He had stalled. Perhaps the fatal truth of that phrase, and some sense
of its applicability to the occasion had interfered with the mechanism
which he had set in operation to get rid of the "recitation" for him.
At all events, the machine had to run off its job all at once, or it
wouldn't run at all. Stopped, it stayed stopped, and backing off granted
no new impetus, though he tried, again and again. "Hath this extent
no more rude am I in speech--" He gulped audibly. "Rude rude rude am
I--rude am I in speech--in speech--in speech.
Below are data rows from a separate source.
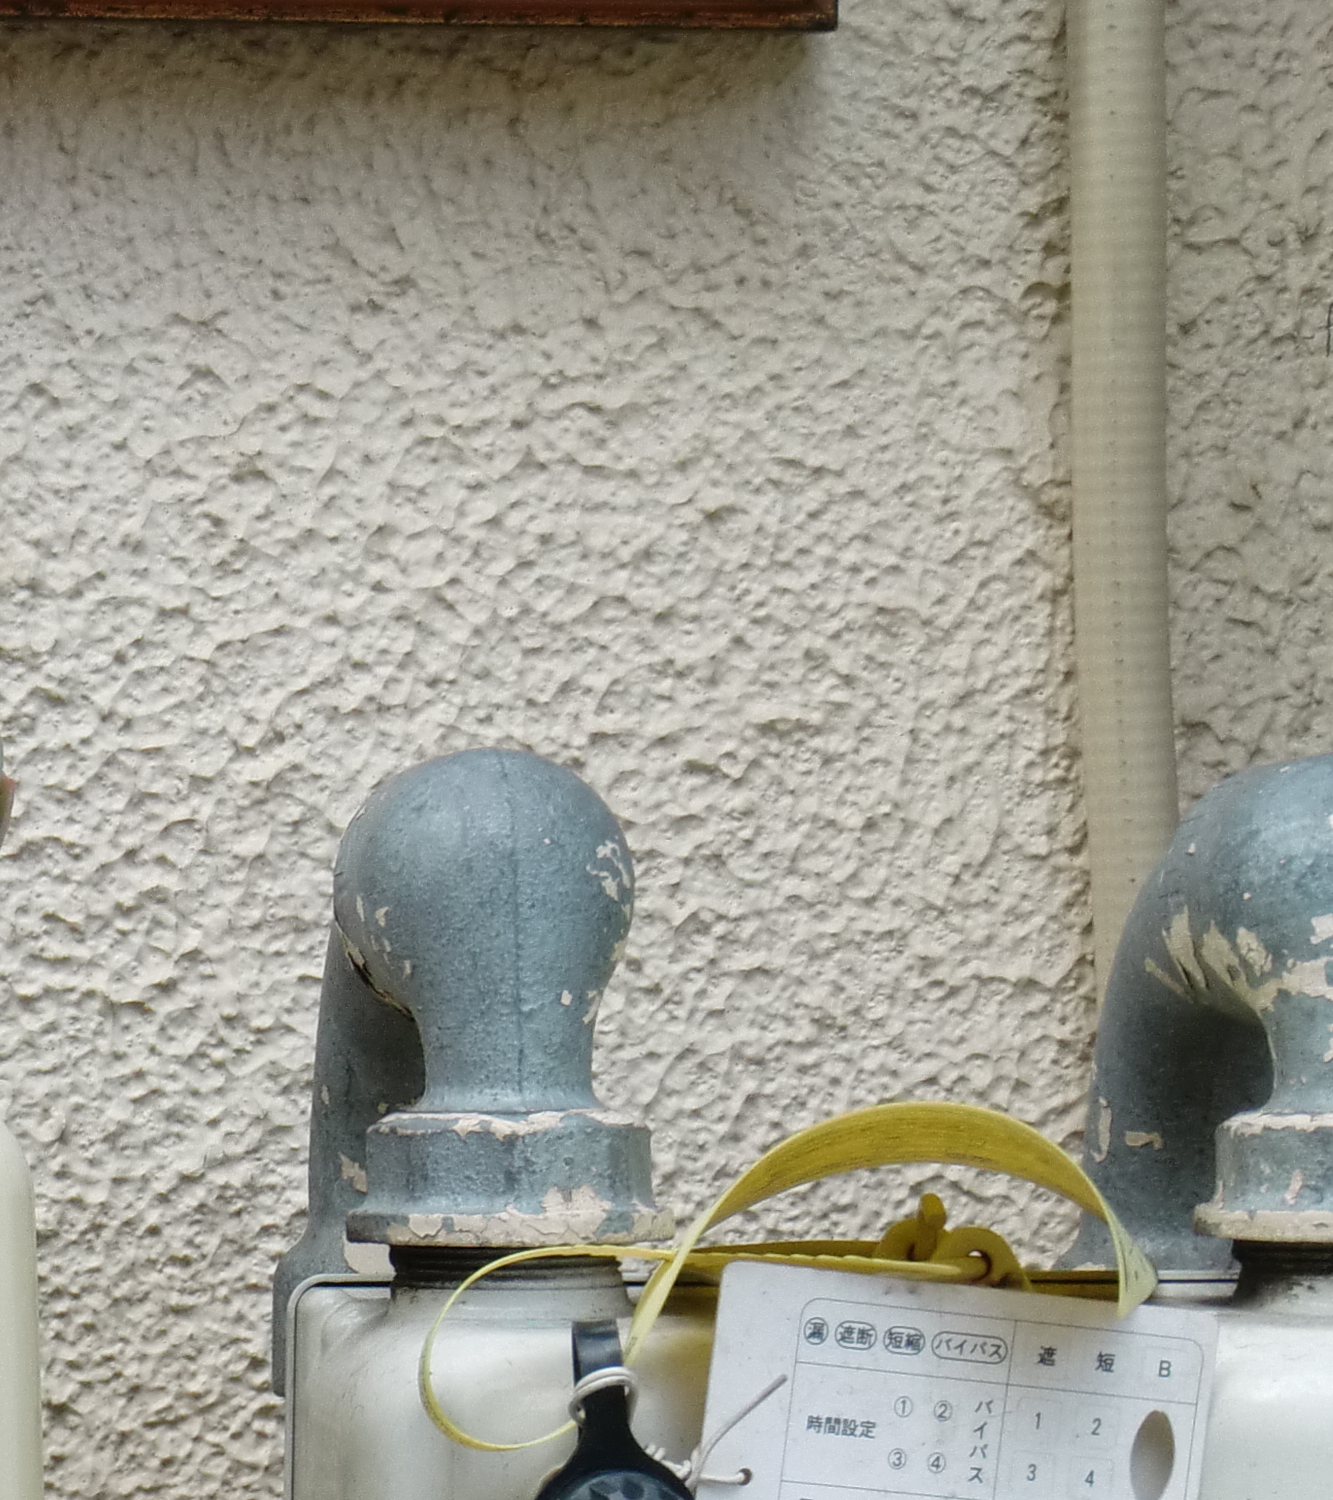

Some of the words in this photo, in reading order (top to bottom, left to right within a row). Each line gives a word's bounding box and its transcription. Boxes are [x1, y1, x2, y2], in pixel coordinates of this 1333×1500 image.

[838, 1326, 874, 1346] 遮断
[935, 1337, 1003, 1360] バイパス
[1095, 1352, 1116, 1373] 短
[1157, 1360, 1172, 1377] B
[805, 1415, 877, 1439] 時間設定
[1034, 1411, 1042, 1430] 1
[1090, 1417, 1102, 1436] 2
[1026, 1463, 1038, 1482] 3
[1084, 1469, 1095, 1488] 4
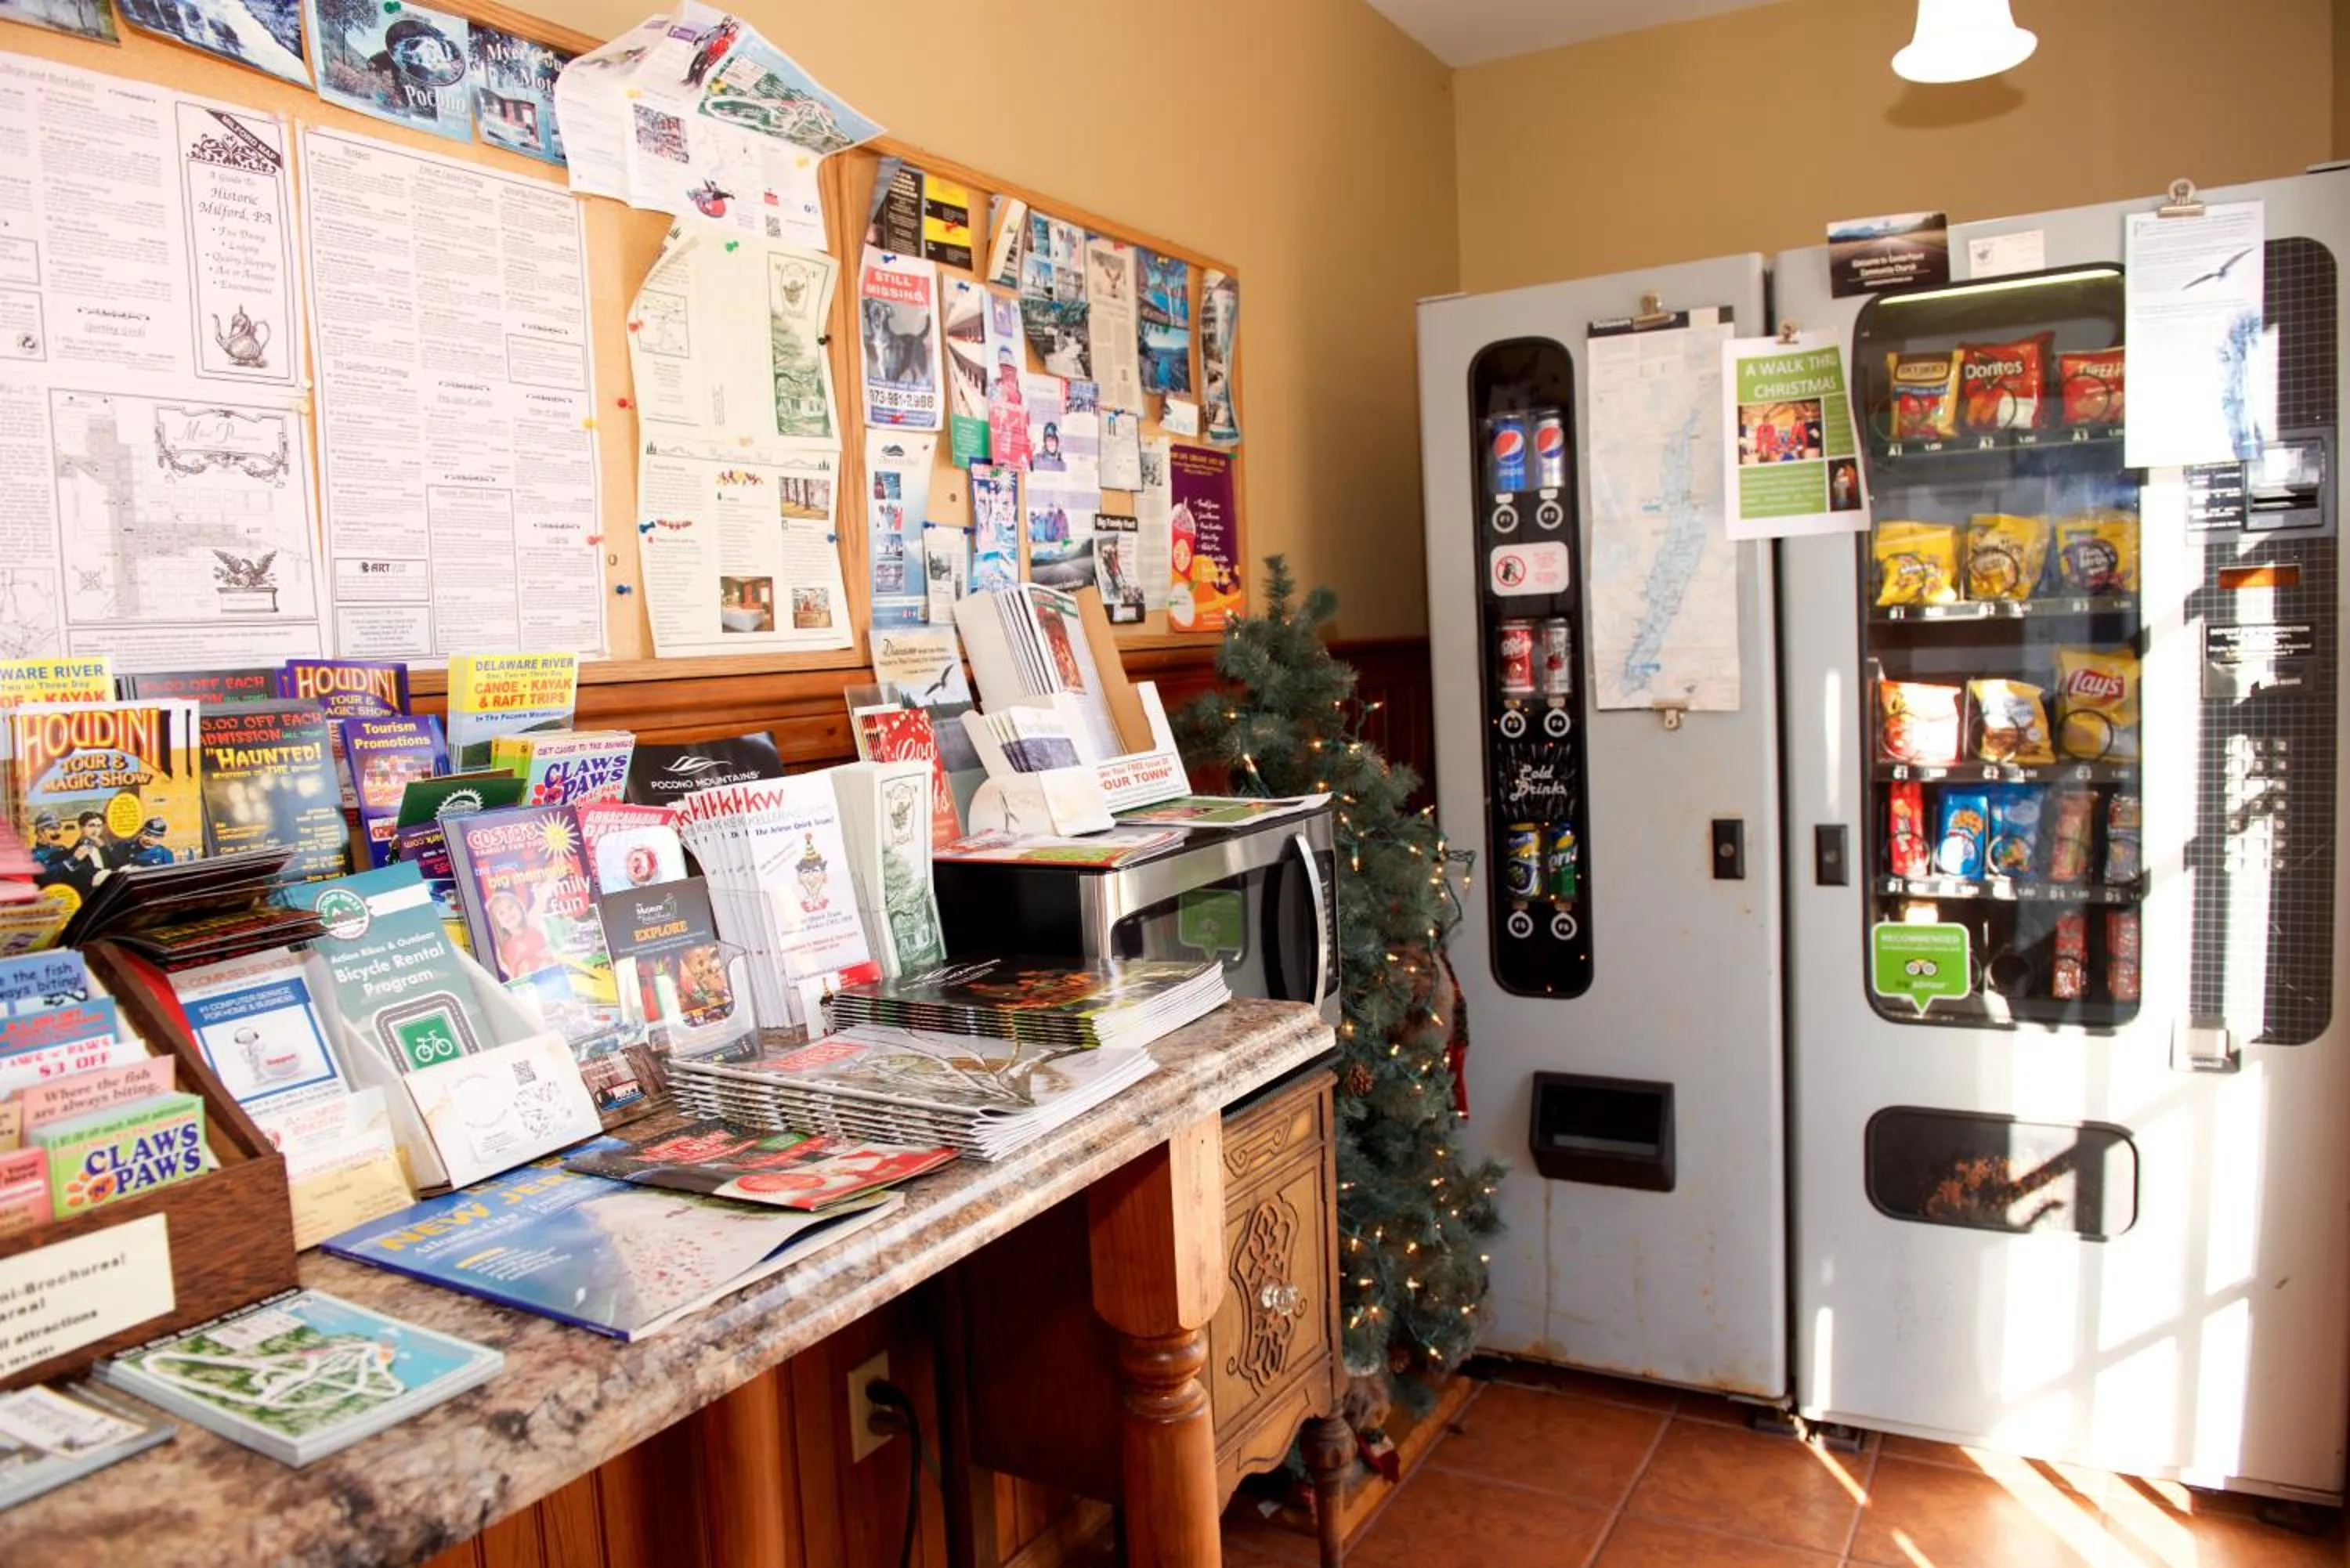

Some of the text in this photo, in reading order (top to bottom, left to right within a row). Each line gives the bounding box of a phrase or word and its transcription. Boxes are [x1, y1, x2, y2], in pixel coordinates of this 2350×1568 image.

Rude am I in speech--"

"Yes," the irritated teacher said, as Ramsey's failing voice continued
huskily to insist upon this point. "I think you are!" And her nerves
were a little soothed by the shout of laughter from the school--it was
never difficult for teachers to be witty. "Go sit down, Ramsey, and do
it after school."

His ears roaring, the unfortunate went to his seat, and, among all
the hilarious faces, one stood out--Dora Yocum's. Her laughter was
precocious; it was that of a confirmed superior, insufferably adult--she
was laughing at him as a grown person laughs at a child. Conspicuously
and unmistakably, there was something indulgent in her amusement. He
choked. Here was a little squirt of a high-school girl who would trot
up to George Washington himself and show off around him, given the
opportunity; and George Washington would probably pat her on the head,
or give her a medal--or something. Well, let him! Ramsey didn't care.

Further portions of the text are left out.